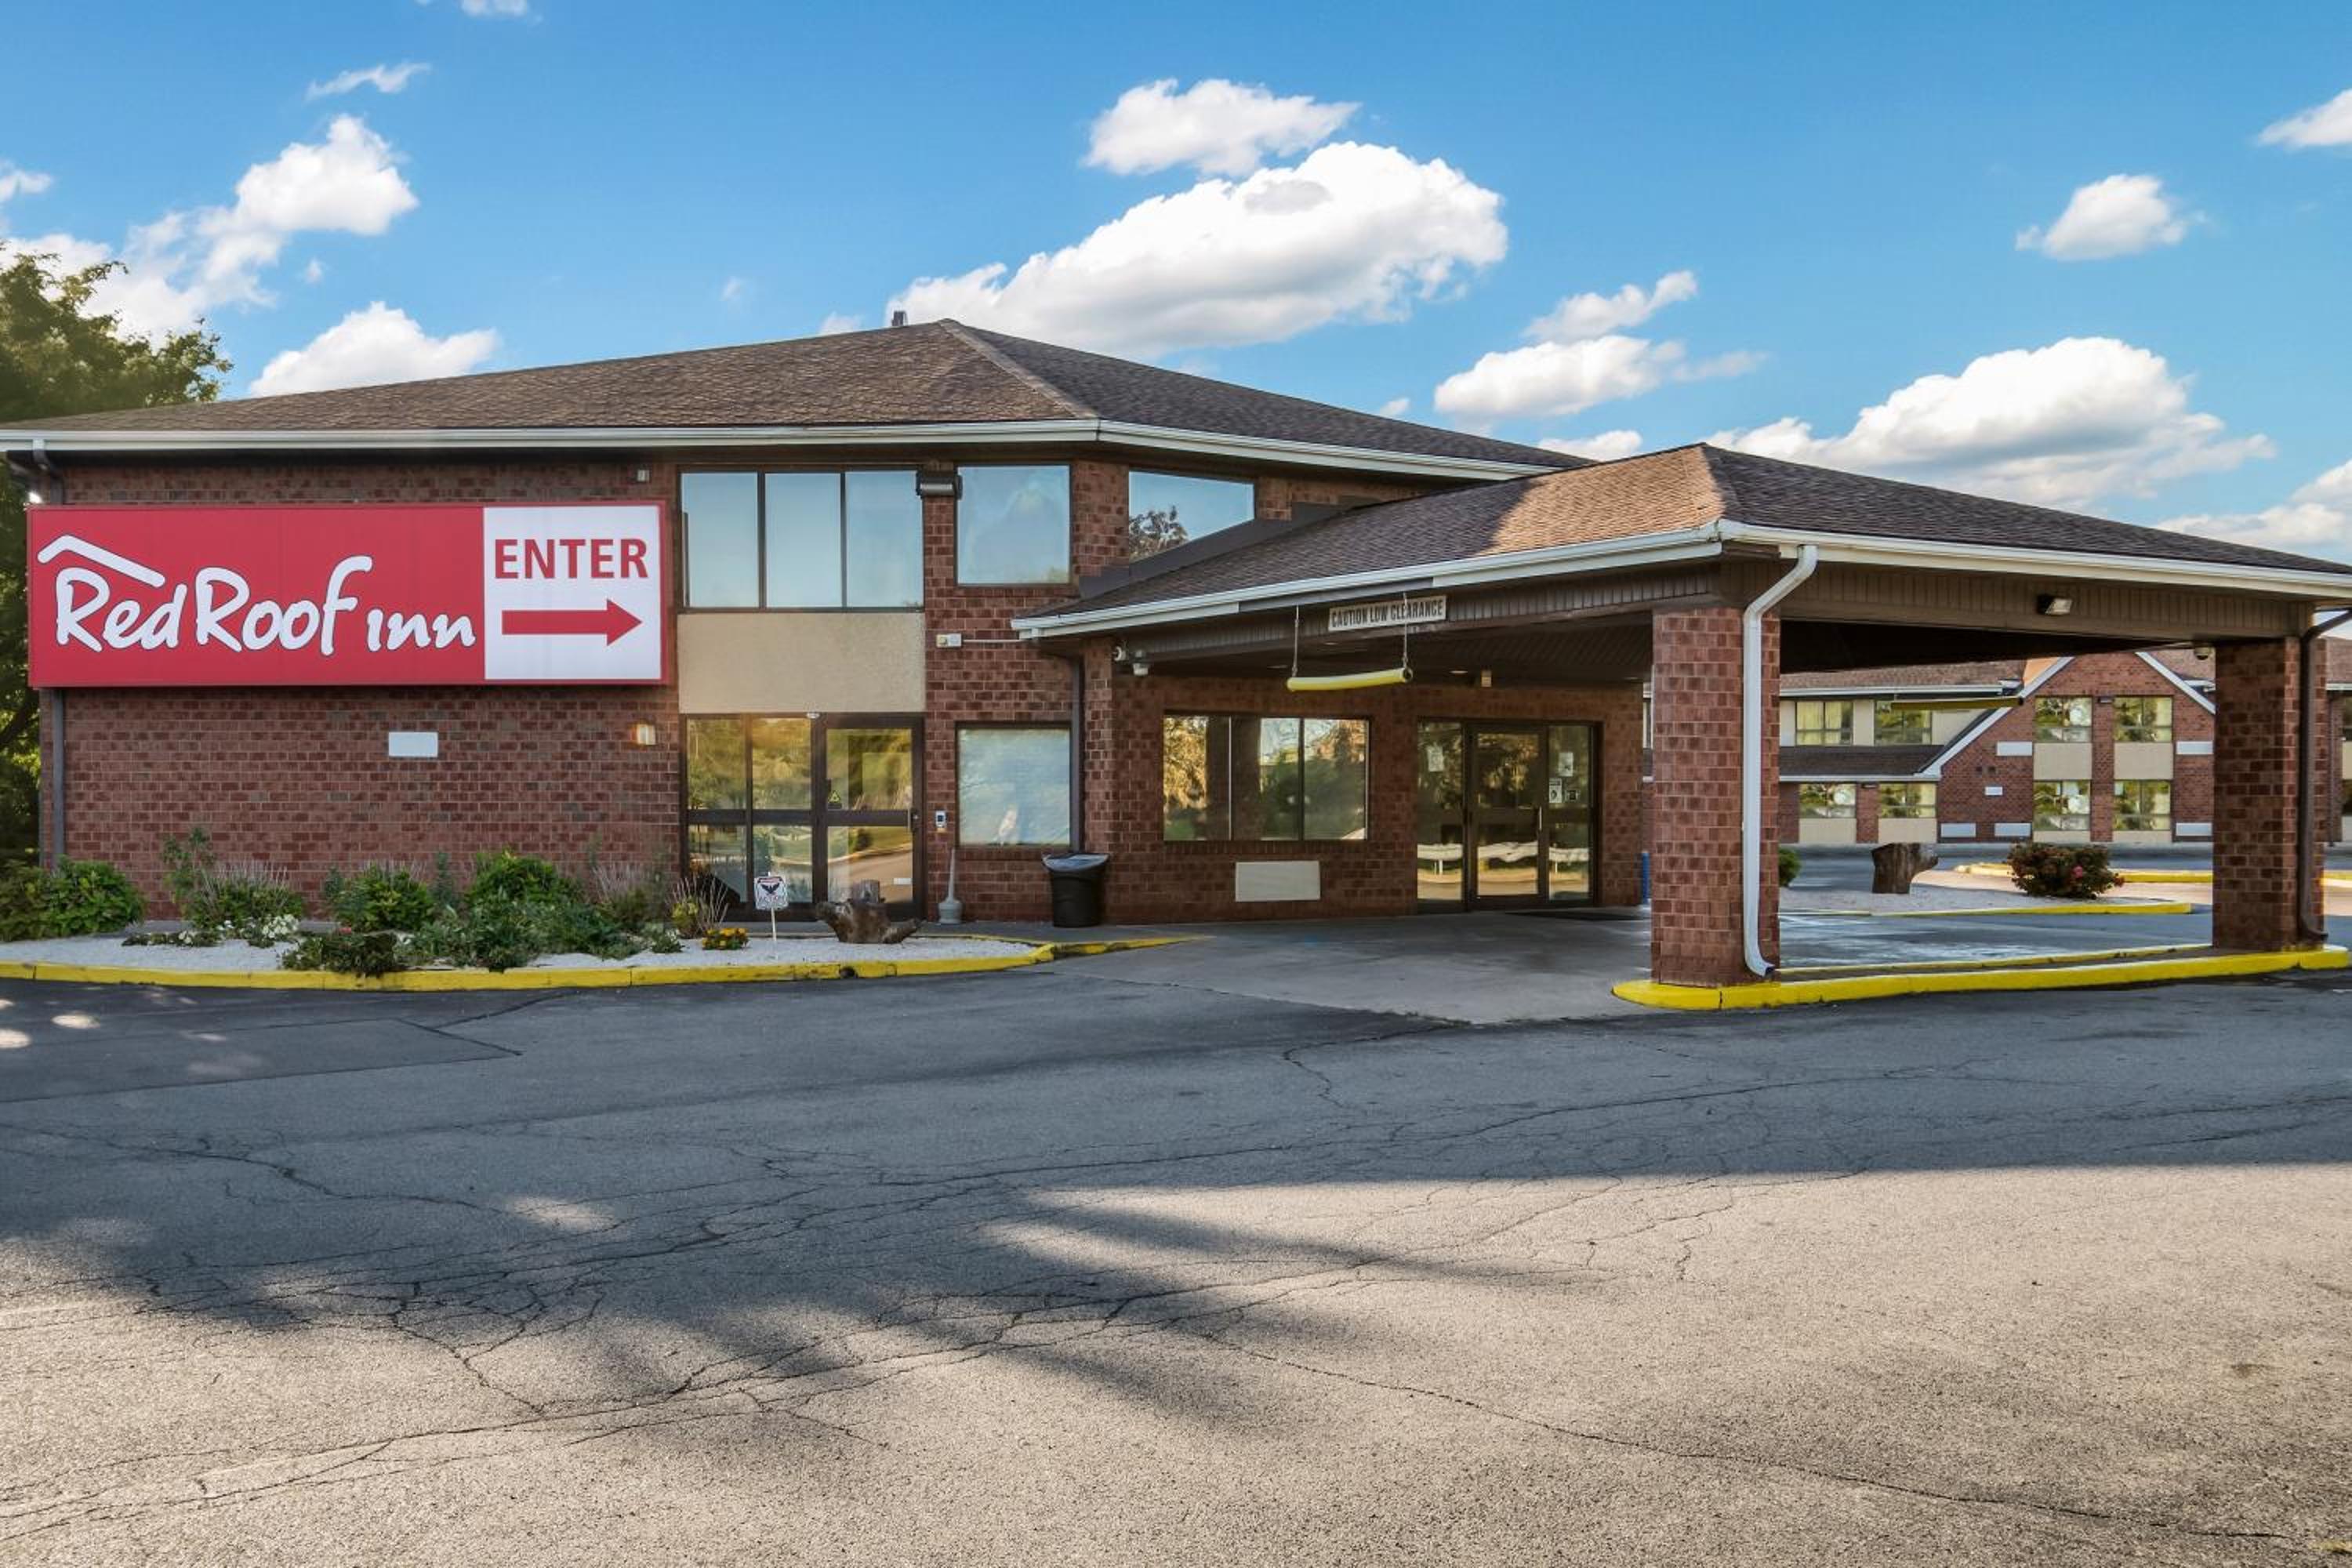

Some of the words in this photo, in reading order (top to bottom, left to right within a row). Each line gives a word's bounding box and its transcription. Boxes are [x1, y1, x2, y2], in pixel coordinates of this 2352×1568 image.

[495, 539, 648, 578] ENTER
[55, 567, 188, 653] Red
[195, 555, 373, 656] Roof
[1331, 608, 1368, 627] CAUTION
[1370, 605, 1388, 622] LOW
[1390, 600, 1443, 620] CLEARANCE
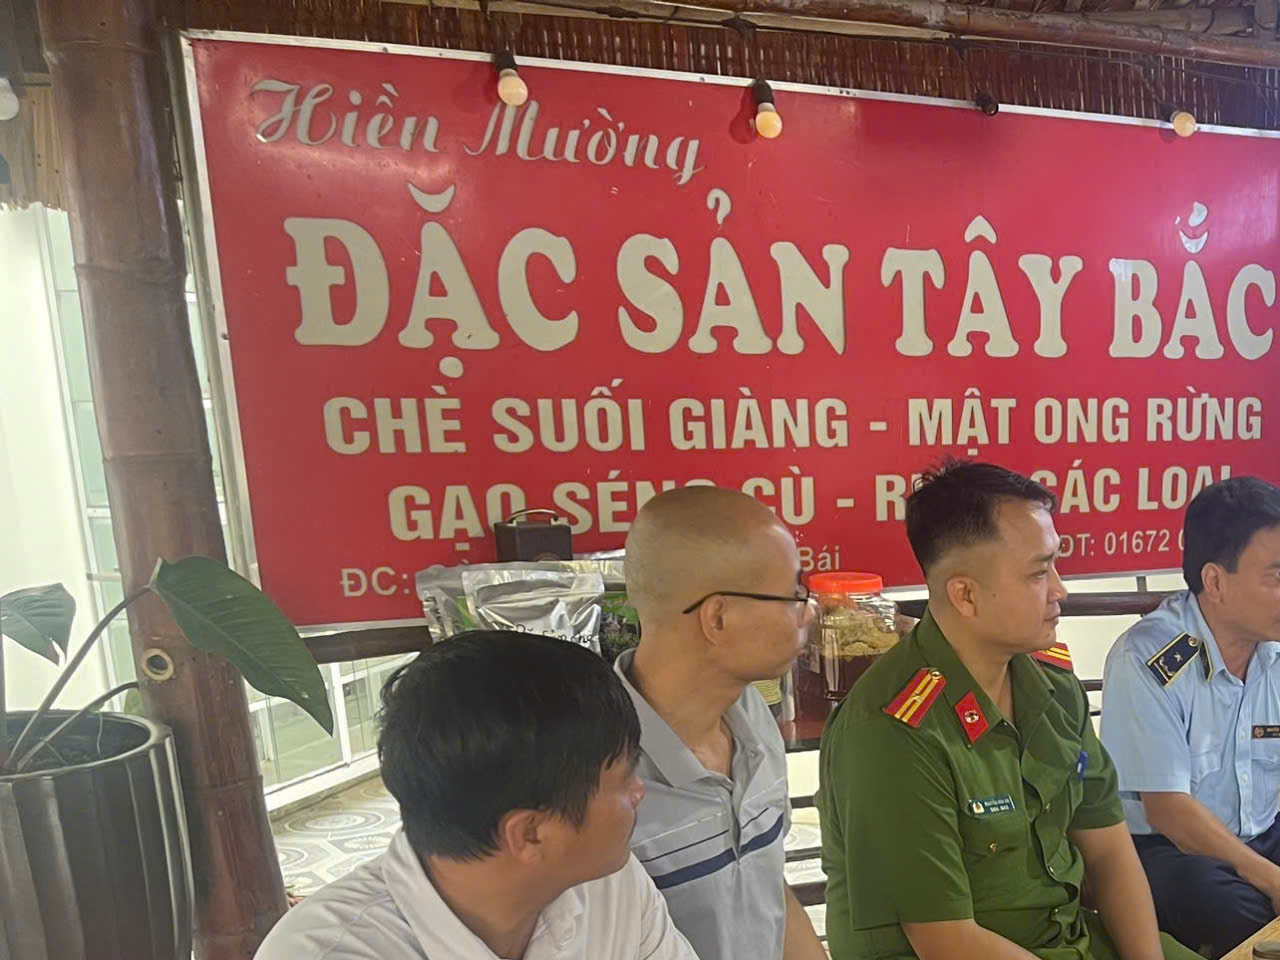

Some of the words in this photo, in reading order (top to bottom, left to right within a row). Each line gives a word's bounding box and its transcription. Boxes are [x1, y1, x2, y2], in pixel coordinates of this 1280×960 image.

[250, 79, 440, 154] Hiền
[463, 99, 704, 186] Mường
[283, 183, 579, 379] ĐẶC
[617, 188, 850, 356] SẢN
[880, 214, 1084, 358] TÂY
[1108, 201, 1277, 361] BẮC
[323, 384, 467, 455] CHÈ
[491, 378, 647, 453] SUỐI
[668, 386, 848, 451] GIÀNG
[908, 387, 1016, 456] MẬT
[1033, 397, 1130, 446] ONG
[1146, 386, 1263, 442] RỪNG
[340, 565, 410, 598] ĐC:
[798, 545, 841, 572] Bái
[1104, 529, 1171, 556] 01672
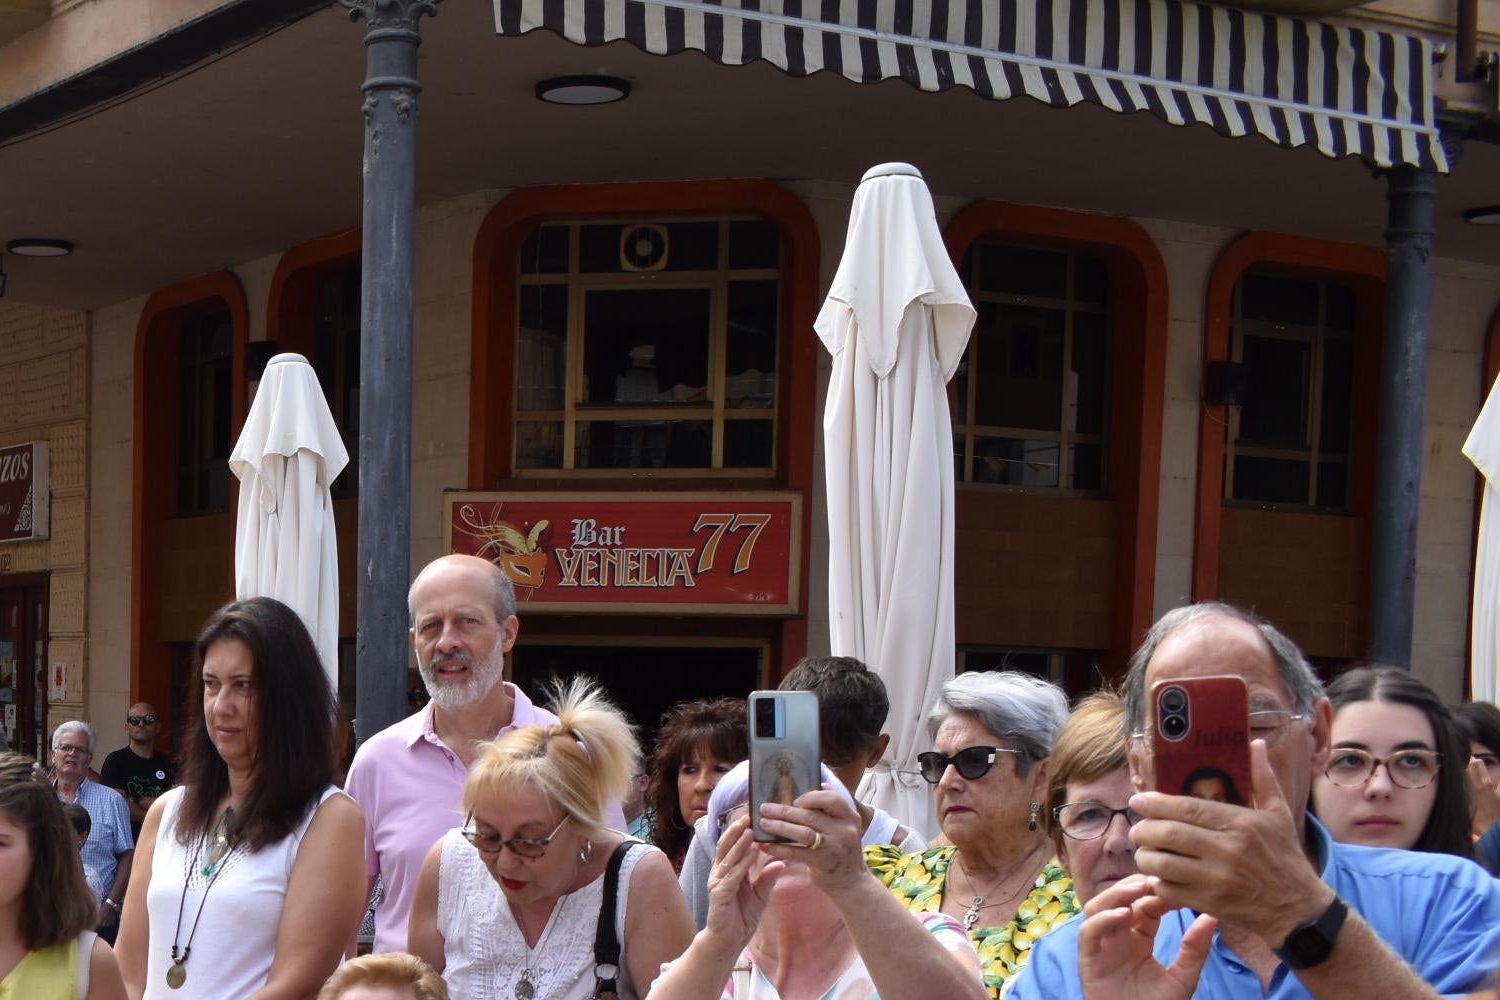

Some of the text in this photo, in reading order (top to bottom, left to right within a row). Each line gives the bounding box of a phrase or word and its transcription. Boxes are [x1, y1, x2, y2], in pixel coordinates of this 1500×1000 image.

[555, 513, 772, 587] VENECIA 77
[569, 518, 627, 548] Bar

PROBLEM ▸
Give the complete material again, exactly as written. Do not include the pictures.

RESPONSE ▸
Some of the words in this photo, in reading order (top to bottom, left to right within a row). Each line gives a word's bounding box and its transcription. Boxes are [x1, y1, x2, y2], in pixel coordinates of this 2352×1568 image.

[495, 539, 648, 578] ENTER
[55, 567, 188, 653] Red
[195, 555, 373, 656] Roof
[1331, 608, 1368, 627] CAUTION
[1370, 605, 1388, 622] LOW
[1390, 600, 1443, 620] CLEARANCE

Some of the words in this photo, in reading order (top to bottom, left to right within a row). Each line gives a word's bounding box and its transcription. Boxes are [x1, y1, x2, y2], in pixel coordinates of this 1280×960 image.

[250, 79, 440, 154] Hiền
[463, 99, 704, 186] Mường
[283, 183, 579, 379] ĐẶC
[617, 188, 850, 356] SẢN
[880, 214, 1084, 358] TÂY
[1108, 201, 1277, 361] BẮC
[323, 384, 467, 455] CHÈ
[491, 378, 647, 453] SUỐI
[668, 386, 848, 451] GIÀNG
[908, 387, 1016, 456] MẬT
[1033, 397, 1130, 446] ONG
[1146, 386, 1263, 442] RỪNG
[340, 565, 410, 598] ĐC:
[798, 545, 841, 572] Bái
[1104, 529, 1171, 556] 01672

Some of the text in this photo, in reading order (top to bottom, left to right within a row). Each line gives the bounding box of a phrase or word and its transcription. Boxes are [x1, y1, x2, y2], in pixel coordinates of this 1500×1000 image.

[555, 513, 772, 587] VENECIA 77
[569, 518, 627, 548] Bar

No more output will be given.